2. Linseed (flaxseed)
100 grams of Linseeds contains 27.2 grams of Insoluble fiber.
3. Cocoa powder
100 grams of Cocoa powder contains 22.8 grams of Insoluble fiber.
4. Oat bran
100 grams of Oat Bran contains 16.7 grams of Insoluble fiber.
5. Dried Carrot
100 grams of Dried Carrot contains 13.8 grams of Insoluble fiber.
6. Brown/White Beans
100 grams of Brown/White Beans contains 13.5 grams of Insoluble fiber.
7. Coconut Flakes
100 grams of Coconut Flakes contain 13.3 grams of Insoluble fiber.
8. Rye Crispbread
100 grams of Rye Crispbread contains 12.8 grams of Insoluble fiber.
9. Wheat germ
100 grams of Wheat germ contains 12.7 grams of Insoluble fiber.
10. Bran flakes
100 grams of Bran flakes contain 11.6 grams of Insoluble fiber.
You can also consider some Fiber supplements which are high in insoluble fiber like methylcellulose which is mainly insoluble fiber. Psyllium is another option that contains both soluble and insoluble fiber. When you decide to increase your fiber intake, make sure you also increase your water intake too.
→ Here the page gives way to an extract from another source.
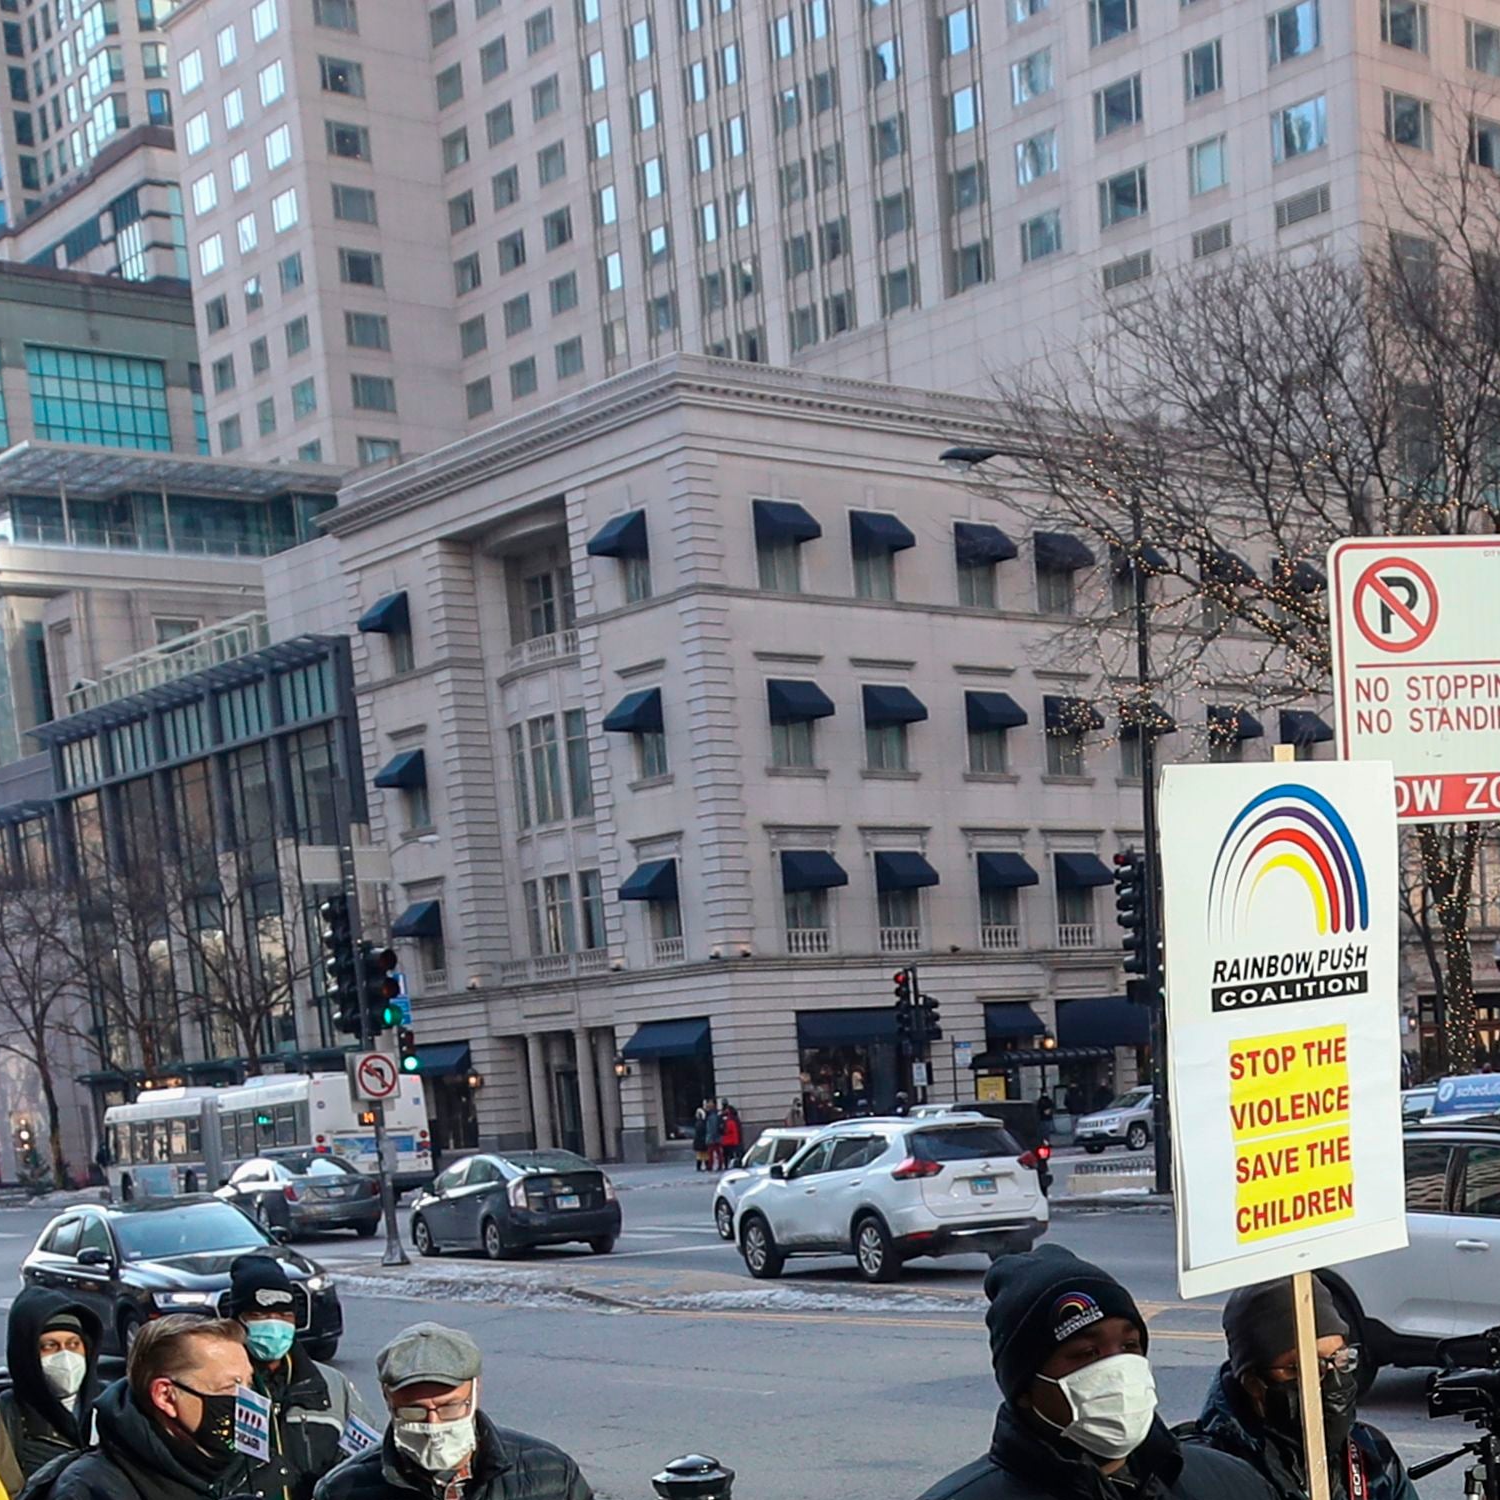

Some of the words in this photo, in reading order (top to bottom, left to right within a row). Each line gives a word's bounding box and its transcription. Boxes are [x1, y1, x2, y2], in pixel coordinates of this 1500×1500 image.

Out of commercially extracted fiber products, Oat fiber has the most insoluble fiber content (73.6%) (2).
What is the recommended daily insoluble fiber intake?
Is there a recommended daily intake of insoluble fiber? Not really, but there is a recommended daily intake for total fiber. Specialists say you should eat about 38 grams of dietary fiber (soluble and insoluble fiber combined) per day if you’re a 50 years old or younger man and 25 grams per day if you’re a 50 years old or younger woman. Adults over 50 years old might have digestive problems if they consume too much fiber. The recommended quantity for them is around 20-25 grams per day.